Un autre texte présentant l’initiative et relayé par le site CommonDreams.org, précise ceci :

«Organizers are planning to deliver the petitions to Congress by the Martin Luther King Jr. holiday in January.

»“The long-term goal is to end the occupation of Iraq,” Madden said. “The short-term goal is to spread the word that service members who feel like we do have a tool to have their voice heard, and it's their duty as a citizen of a democratic society to participate in democracy.”»

Une révolte légitimée ?

Il s’agit d’une initiative typiquement dans la tradition américaine, dite de “démocratie directe”. Elle fait partie de l’arsenal des pressions dites “de communication” exercées sur le pouvoir.

En même temps, et c’est comme un signe des temps, les circonstances et les orientations sont très inhabituelles, voire complètement exceptionnelles.

Les auteurs de l’initiative soulignent ce caractère sans précédent de l’initiative. «What we’re doing is untraditional, unorthodox and unprecedented», dit Jonathan Hutto, un marin et l’un des autres organisateurs du mouvement (outre Madden) avec une femme militaire qui préfère garder l’anonymat. Hotto indique qu’il a approché vingt marins de sa connaissance à propos de l’initiative et a reçu le soutien de 19 d’entre eux.

Des mouvements semblables ont eu lieu durant la guerre du Viet-nâm. Une pétition avait réuni 270.000 signatures de soldats en 1971. Mais il s’agissait alors de conscrits, c’est-à-dire des “citoyens en uniforme” qui pouvaient considérer qu’on les forçait à effectuer des actes qu’ils pouvaient récuser en tant que citoyens, pour ne pas avoir fait acte de volontariat. Dans le cas présent, tout est différent puisqu’il s’agit d’une armée professionnelle, avec contrats entre “employeur” et “employés”.

C’est un des fondements de la conception des rapports sociaux américanistes (le contrat) qui est ainsi mis en cause. Les révoltés estiment qu’il y a une considération nécessaire pour des conditions supérieures aux conditions énoncées par le contrat, et que les conditions supérieures ainsi identifiées sont violées par les autorités politiques. Ces conditions supérieures ont bien entendu un rapport avec les valeurs nationales, le patriotisme, etc.

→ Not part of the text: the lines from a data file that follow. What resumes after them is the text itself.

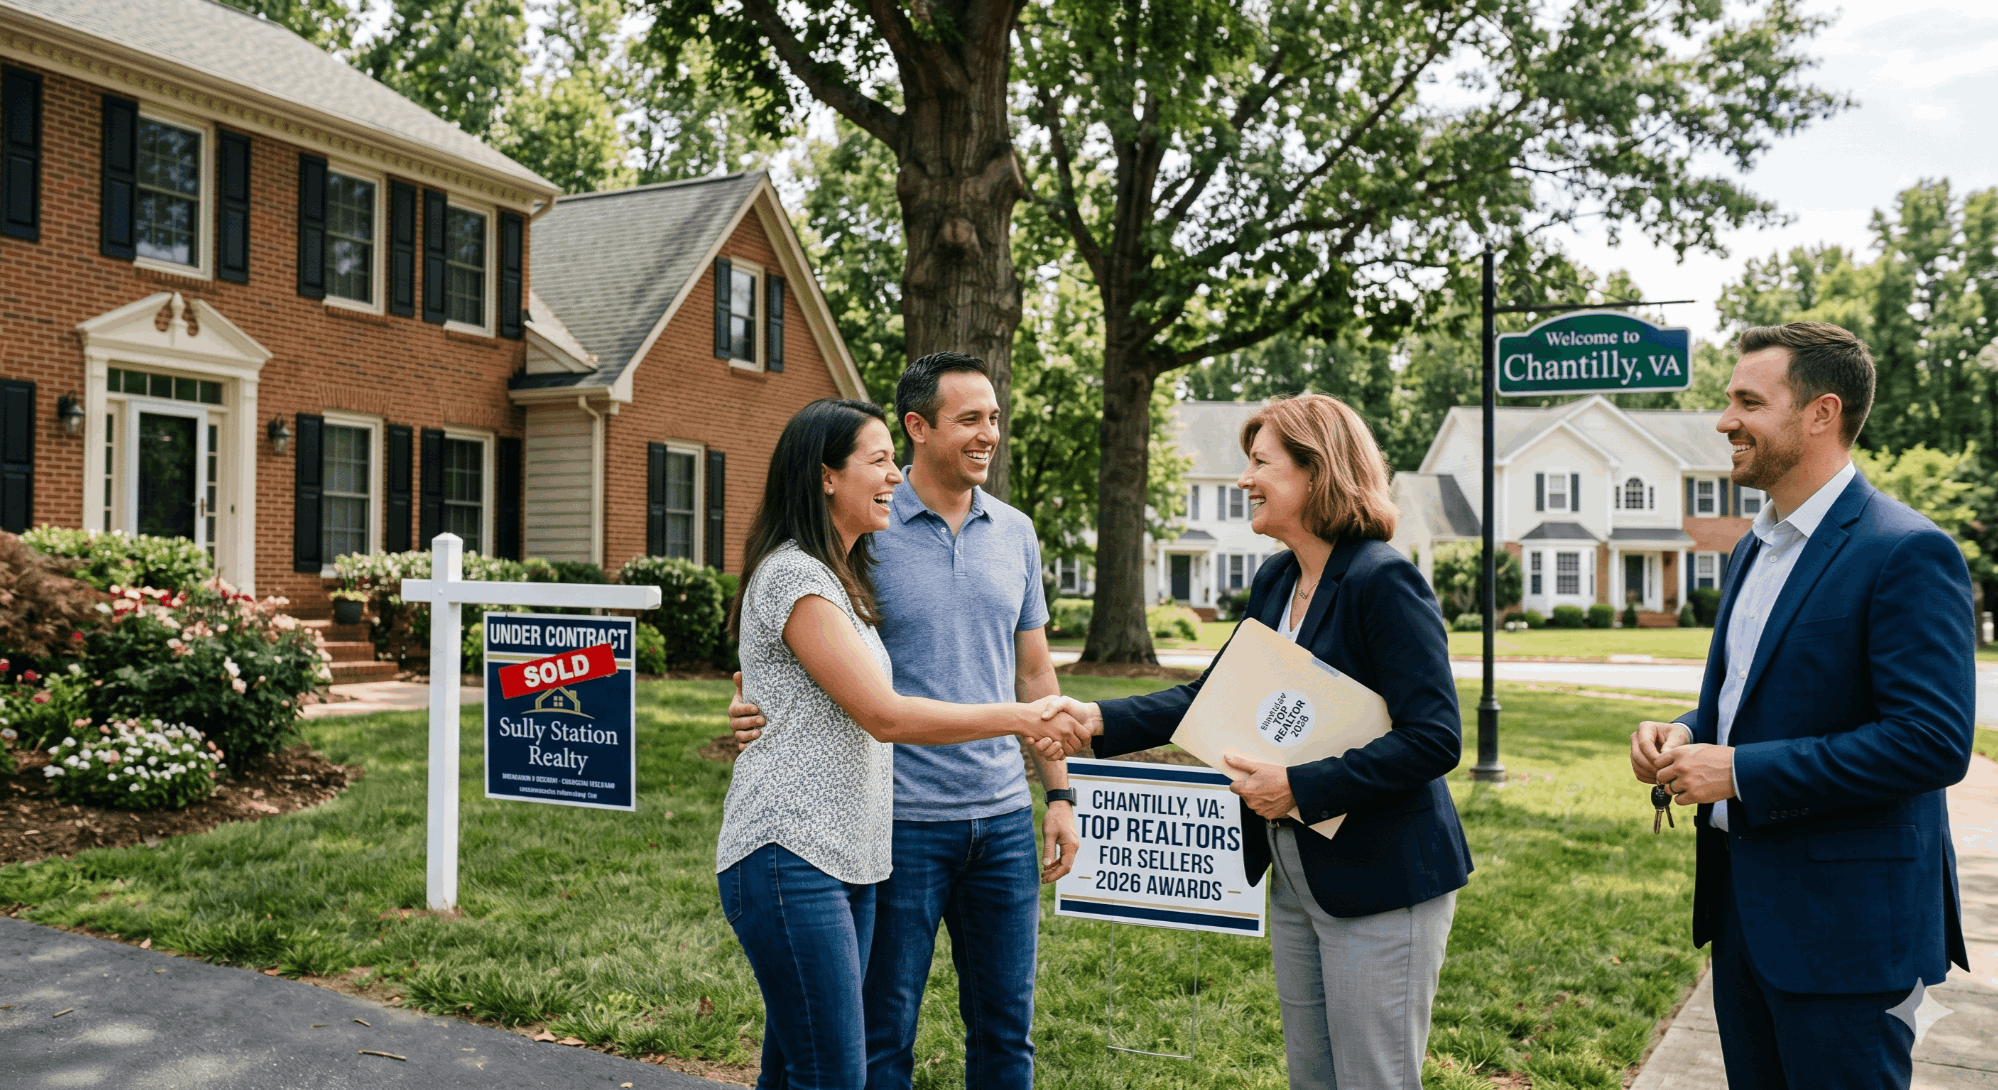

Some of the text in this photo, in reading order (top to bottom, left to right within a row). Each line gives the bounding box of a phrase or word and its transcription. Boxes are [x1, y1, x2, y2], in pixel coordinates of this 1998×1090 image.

[1545, 330, 1640, 346] Welcome to
[1503, 349, 1682, 386] Chantilly, VA
[490, 623, 628, 650] UNDER CONTRACT
[523, 654, 590, 688] SOLD
[1272, 705, 1288, 725] TOP
[1274, 699, 1306, 743] REALTOR
[499, 716, 619, 746] Sully Station
[528, 745, 589, 776] Realty
[1092, 789, 1225, 820] CHANTILLY, VA:
[1077, 813, 1241, 852] TOP REALTORS
[1099, 845, 1214, 875] FOR SELLERS
[1095, 870, 1223, 902] 2026 AWARDS

Ces autorités politiques sont elles-mêmes prises à leur propre piège. Elles ont elles-mêmes outrancièrement politisé la mission des militaires américains, dépassant de facto les seules conditions contractuelles de départ. Le tintamarre patriotique fait autour des missions de l’armée depuis 9/11, s’il autorise bien des décisions douteuses, finit au contraire par placer les autorités elles-mêmes sous l’appréciation critique de leurs propres employés. Dans ce cadre, une révolte “démocratique” des soldats de l’Empire acquiert un poids considérable ; il s’agit sans aucun doute de bien plus qu’un simple cas classique de révolte de la Garde prétorienne. L’armée, qui avait été isolée du reste de la population par les conditions de la professionnalisation, tend à regagner ce cadre et une révolte éventuelle, type Madden-Hotto, y gagnerait une très grande légitimité.

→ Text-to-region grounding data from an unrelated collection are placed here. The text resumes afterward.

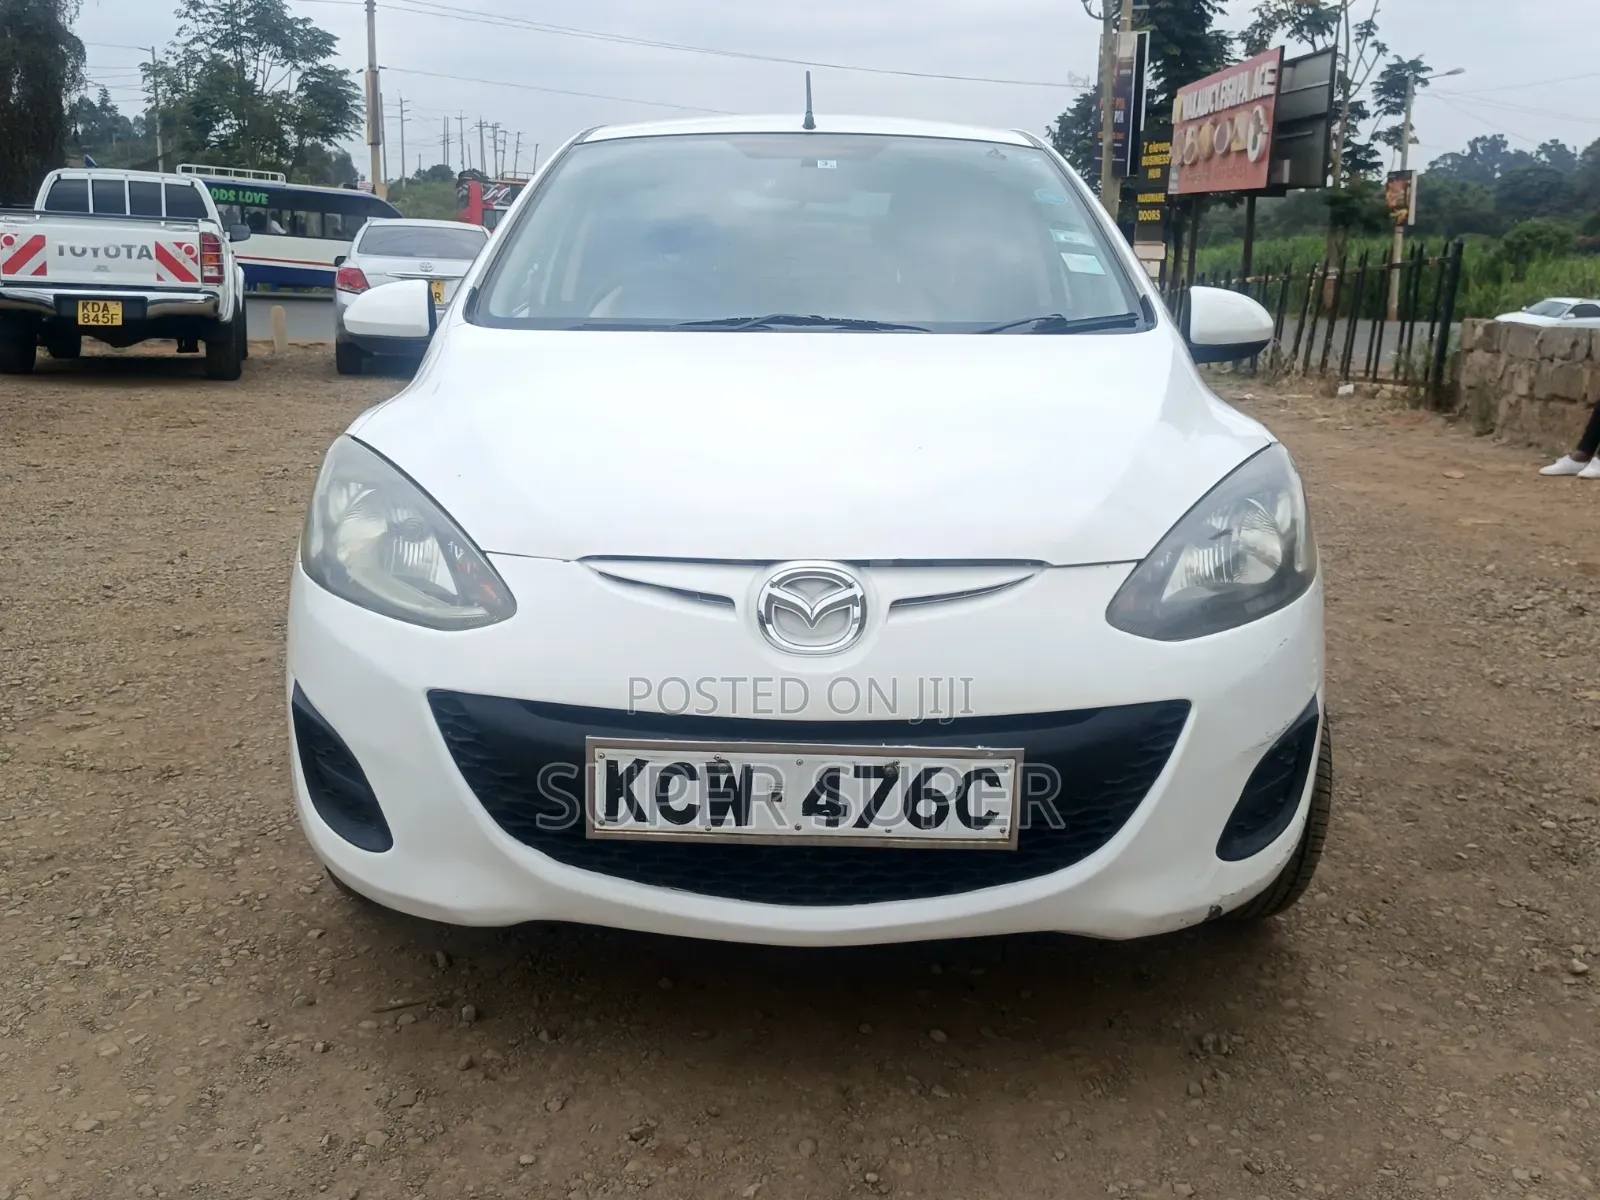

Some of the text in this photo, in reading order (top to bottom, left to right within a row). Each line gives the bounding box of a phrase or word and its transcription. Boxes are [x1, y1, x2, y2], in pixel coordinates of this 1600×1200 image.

[1143, 142, 1148, 154] 7
[1141, 154, 1170, 166] BUSINESS
[211, 187, 269, 205] ODS LOVE
[1137, 193, 1165, 203] HARDWARE
[1138, 210, 1161, 221] DOORS
[58, 244, 153, 260] TOYOTA
[81, 302, 110, 313] KDA
[81, 313, 119, 324] 845F
[602, 758, 1003, 831] KCW 476C
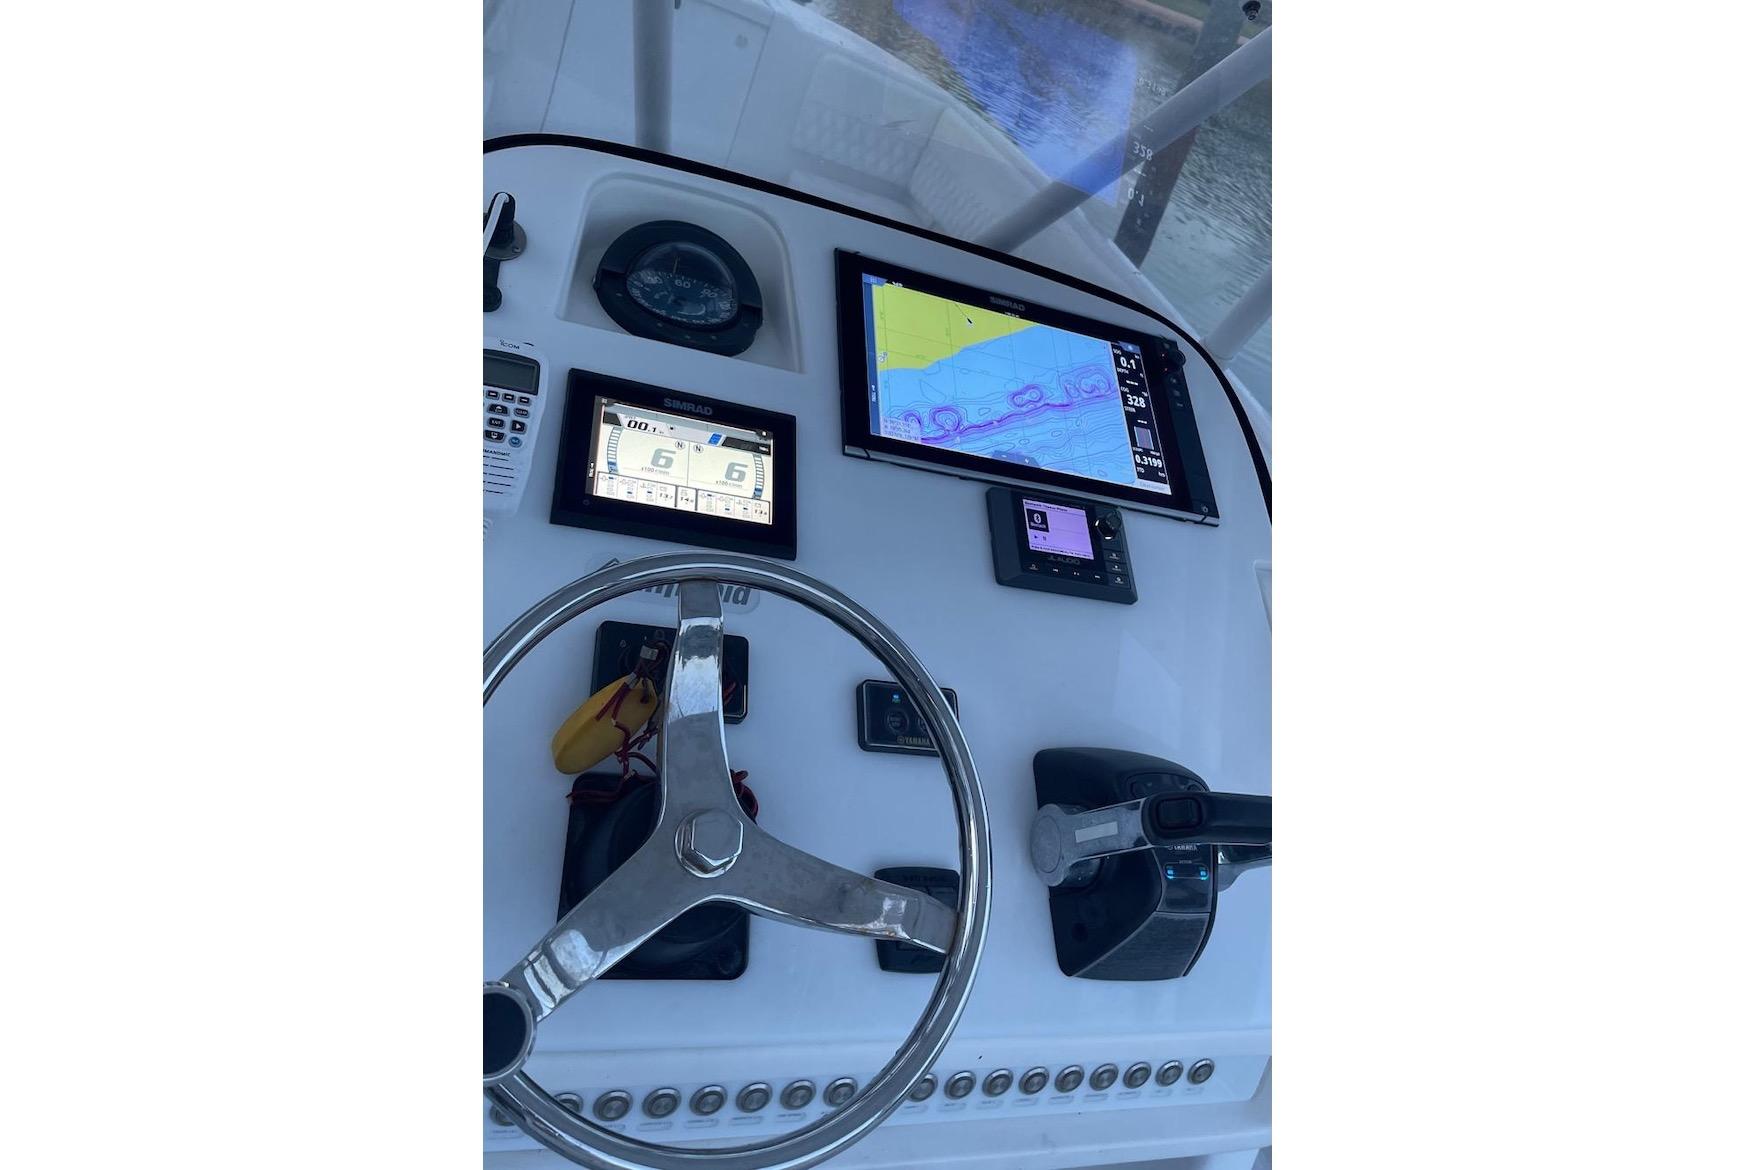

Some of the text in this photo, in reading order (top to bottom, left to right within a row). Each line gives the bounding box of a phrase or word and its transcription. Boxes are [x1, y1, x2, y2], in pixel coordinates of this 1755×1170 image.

[1120, 356, 1136, 370] 0.1
[663, 397, 713, 416] SIMRAD
[1126, 394, 1147, 409] 328
[627, 419, 657, 433] 00.1
[650, 448, 677, 470] 6
[1134, 454, 1163, 468] 0.3199
[724, 461, 749, 483] 6

L’objectif de l’attaque est principalement le Congrès. C’est bien choisi : le Congrès est à la fois complètement paralysé, voire englué dans un soutien patriotard à la guerre, et à la fois plongé dans une intense frustration du fait des abus de pouvoir du gouvernement. Il est ouvert à toutes les influences si le cadre général des conventions du système est à peu près respecté. Dans le climat actuel, une initiative venue de militaires du rang peut faire l’affaire, renforcée par le climat patriotique très perceptible dans le texte proposé par les “révoltés”, qui fait un devoir patriotique de s’opposer à la poursuite de la guerre.

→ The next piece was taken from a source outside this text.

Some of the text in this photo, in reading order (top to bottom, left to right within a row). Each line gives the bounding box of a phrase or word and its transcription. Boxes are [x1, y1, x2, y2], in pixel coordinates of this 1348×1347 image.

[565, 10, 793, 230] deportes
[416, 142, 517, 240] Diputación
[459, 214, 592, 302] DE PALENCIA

Madden et Hutto ont indiqué qu’ils avaient reçu des signaux positifs de la part de parlementaires, intéressés par un tel mouvement. C’est le signe que ces parlementaires attendent une sollicitation extérieure pour modifier leur position officielle, — pour peu que cette sollicitation extérieure prenne de l’ampleur.

L’initiative du groupe Madden-Hutto peut effectivement prendre de l’ampleur et elle constituerait alors un formidable moyen de pression sur le pouvoir politique. Dans tous les cas, il s’agit d’un signe de plus de l’accroissement et de la diffusion très rapide du désordre washingtonien.